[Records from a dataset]
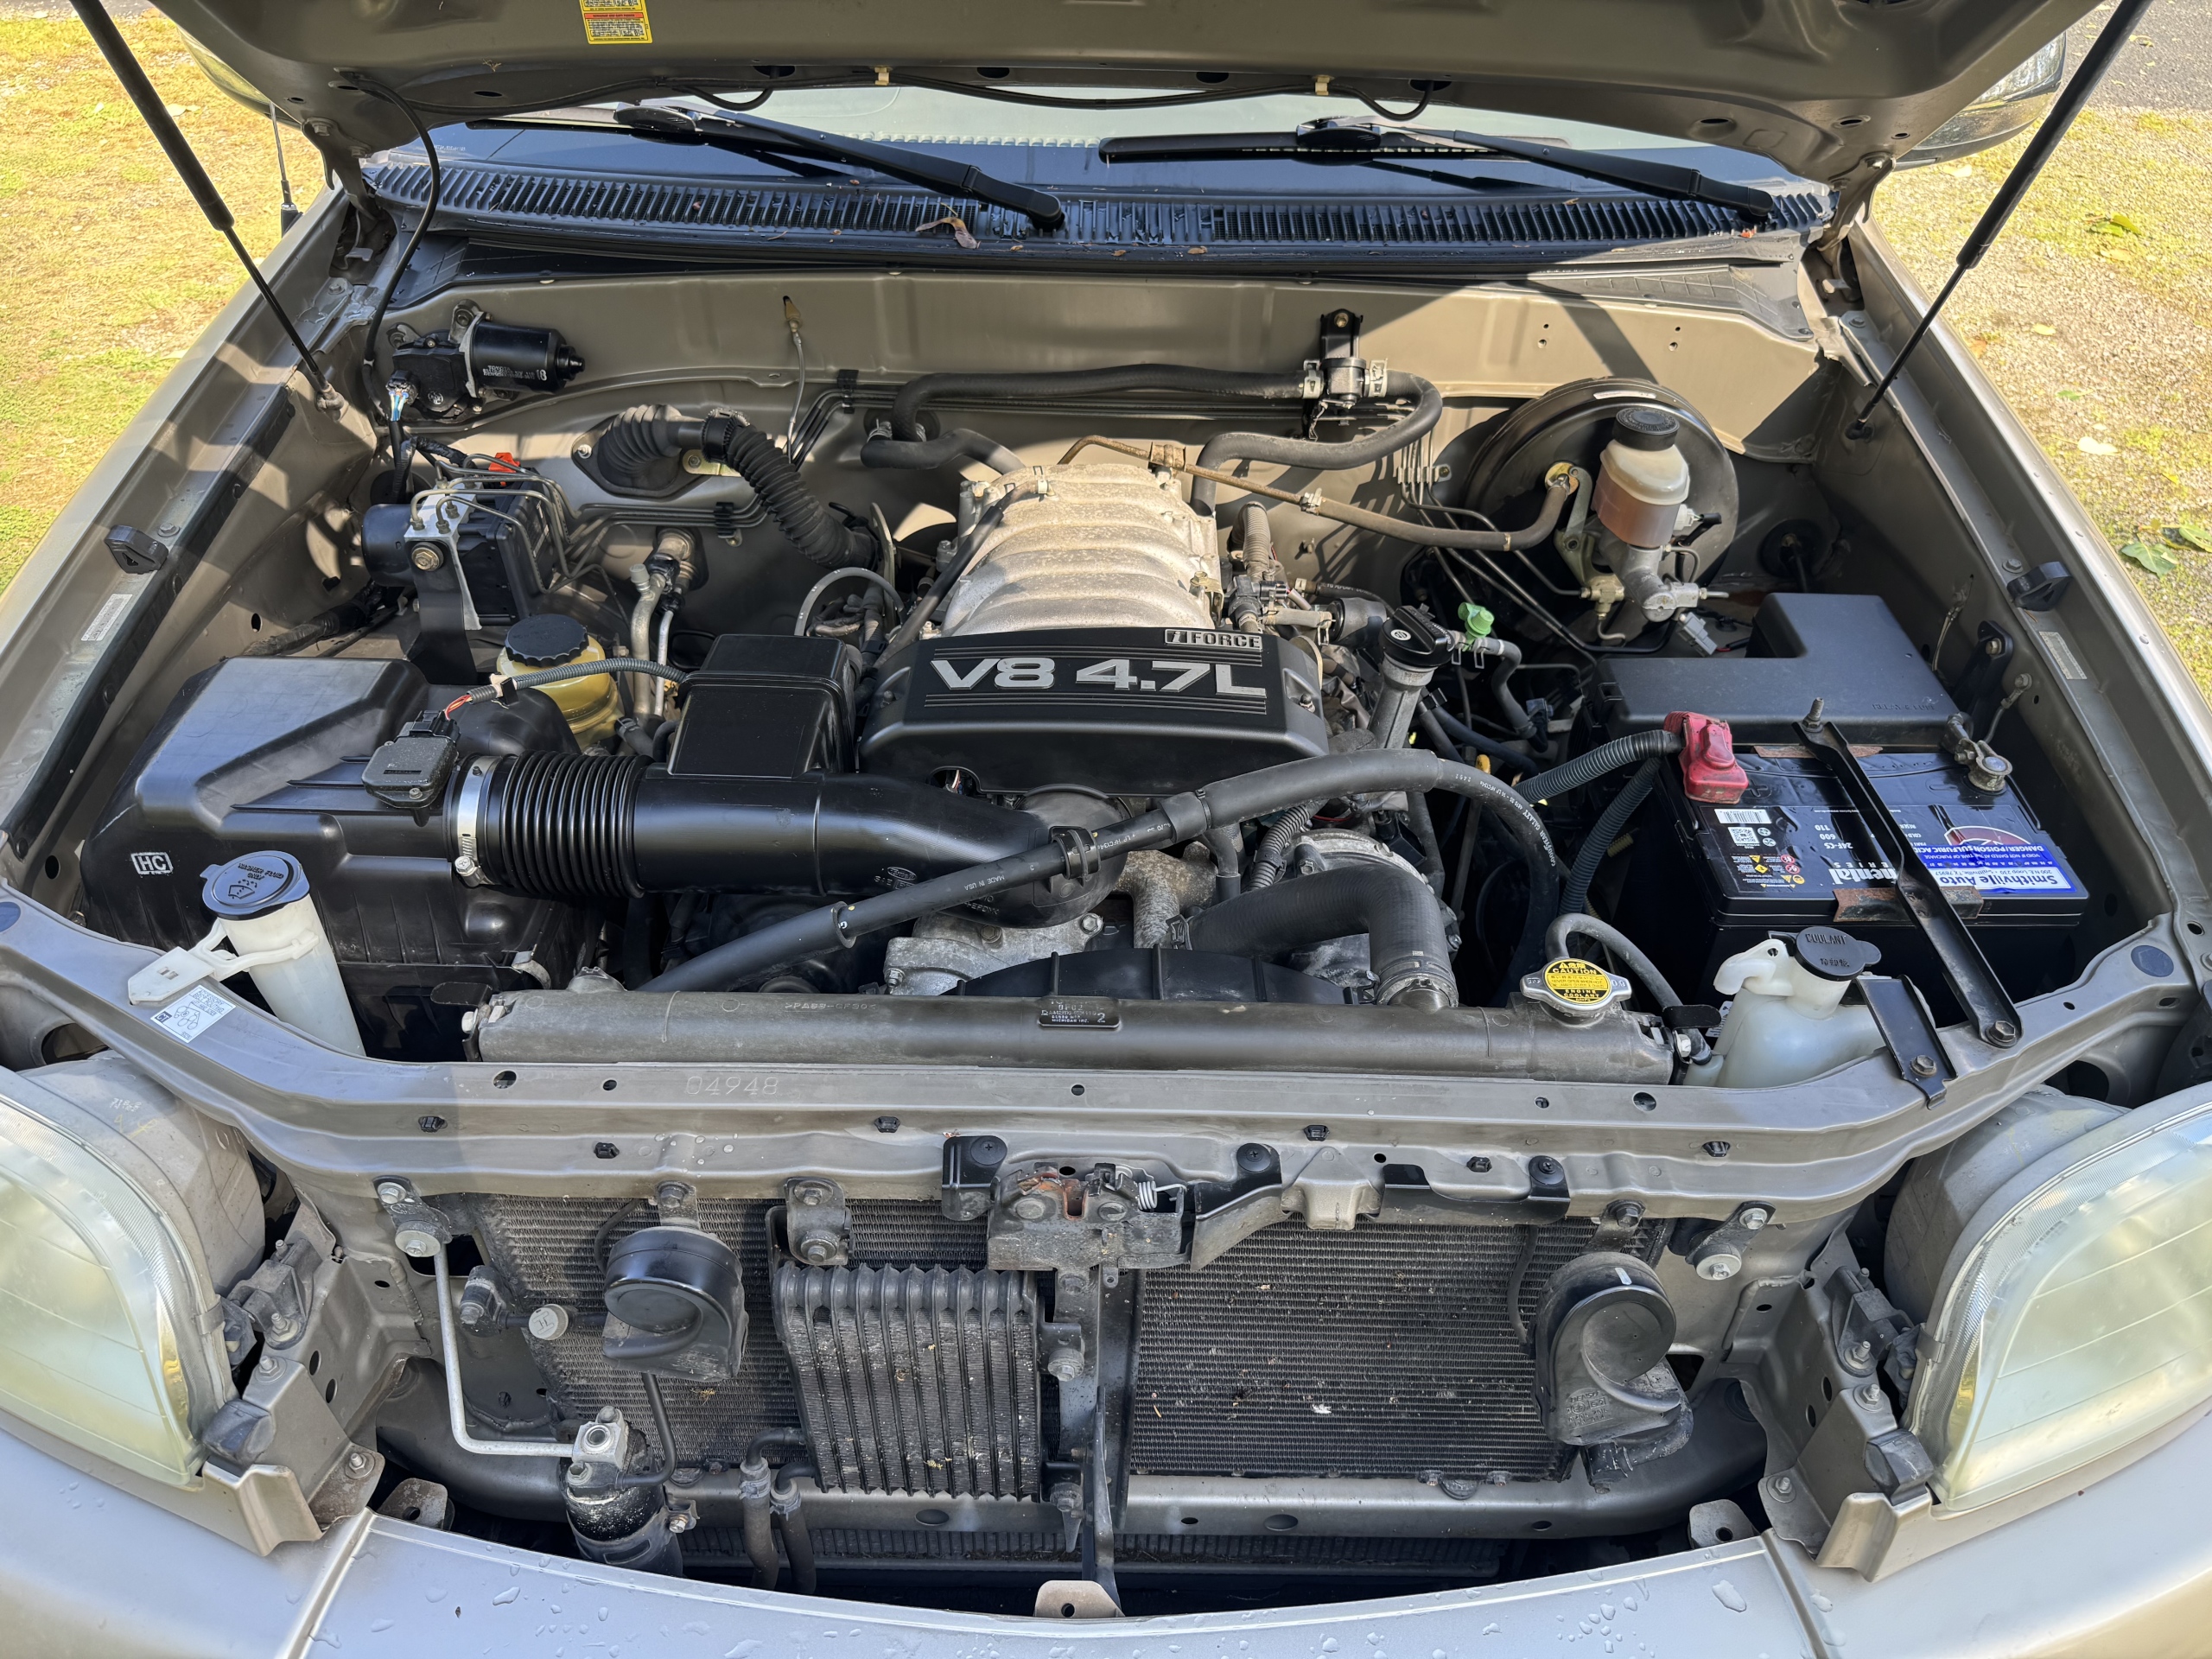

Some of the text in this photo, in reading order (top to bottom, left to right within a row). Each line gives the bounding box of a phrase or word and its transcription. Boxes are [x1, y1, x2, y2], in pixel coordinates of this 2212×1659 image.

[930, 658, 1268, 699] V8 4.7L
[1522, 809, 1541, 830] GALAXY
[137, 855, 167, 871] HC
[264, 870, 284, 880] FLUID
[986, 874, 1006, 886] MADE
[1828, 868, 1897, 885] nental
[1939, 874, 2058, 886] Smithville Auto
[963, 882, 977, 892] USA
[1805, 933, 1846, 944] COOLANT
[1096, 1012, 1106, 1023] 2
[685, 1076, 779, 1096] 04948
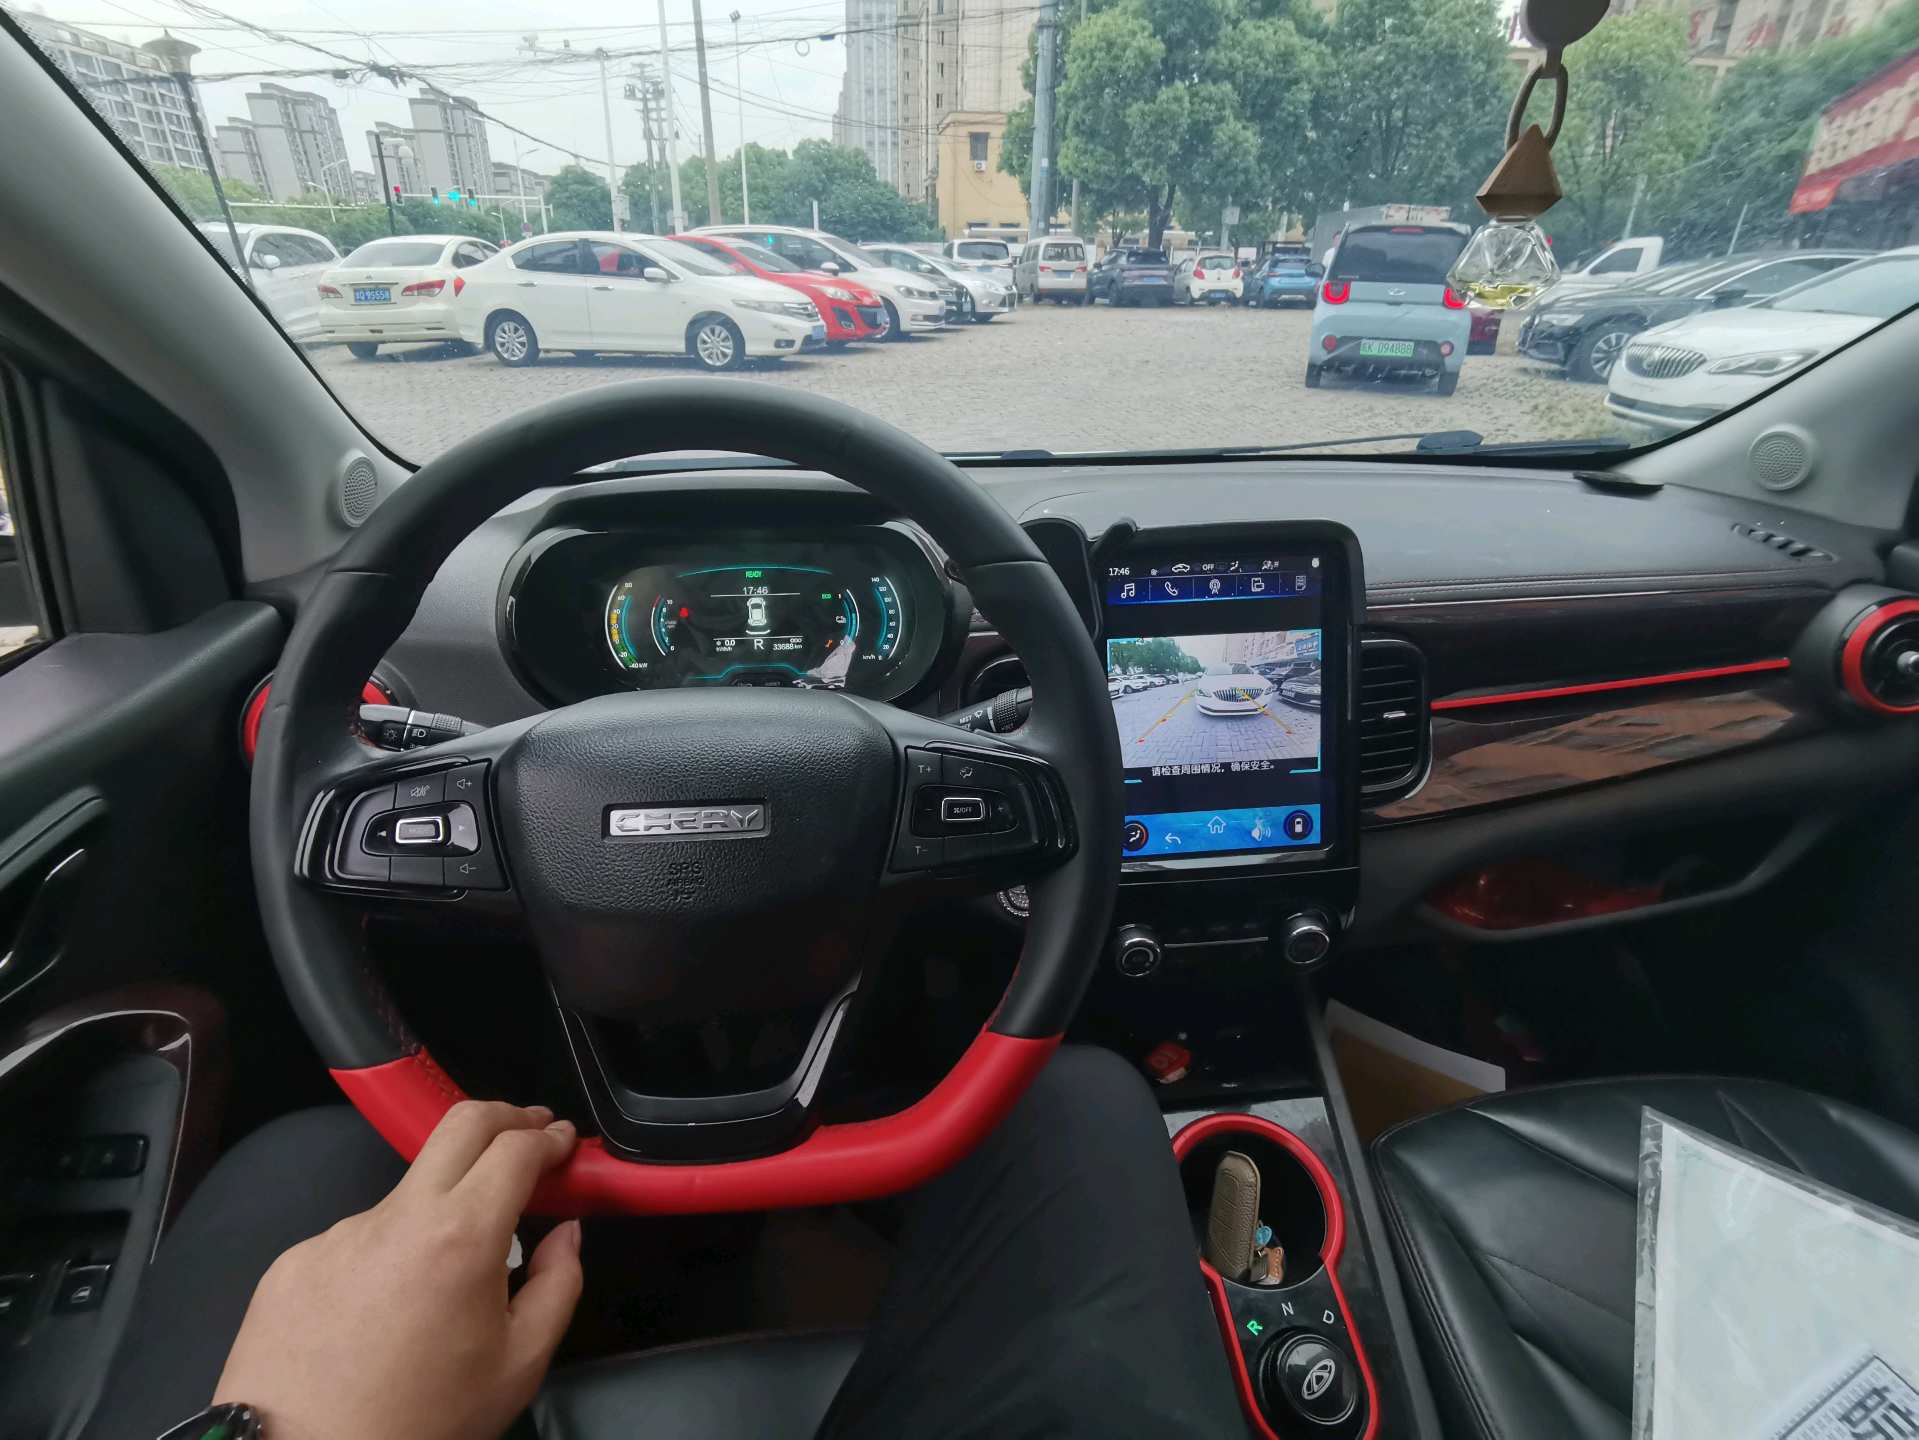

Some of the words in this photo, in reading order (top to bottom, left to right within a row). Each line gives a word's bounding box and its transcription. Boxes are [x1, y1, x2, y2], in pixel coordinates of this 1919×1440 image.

* _WHAT IS NEEDED_
Write out the entries again, word for word. No images.

* _ANSWER FOR THE TASK_
Some of the text in this photo, in reading order (top to bottom, left to right within a row). Each line gives the bounding box of a phrase or word and its transcription. Boxes are [x1, y1, x2, y2], in pixel coordinates of this 2212×1659 image.

[930, 658, 1268, 699] V8 4.7L
[1522, 809, 1541, 830] GALAXY
[137, 855, 167, 871] HC
[264, 870, 284, 880] FLUID
[986, 874, 1006, 886] MADE
[1828, 868, 1897, 885] nental
[1939, 874, 2058, 886] Smithville Auto
[963, 882, 977, 892] USA
[1805, 933, 1846, 944] COOLANT
[1096, 1012, 1106, 1023] 2
[685, 1076, 779, 1096] 04948

Some of the words in this photo, in reading order (top to bottom, left to right within a row). Each line gives a word's bounding box and its transcription. Boxes are [x1, y1, x2, y2], in pixel coordinates of this 1919×1440 image.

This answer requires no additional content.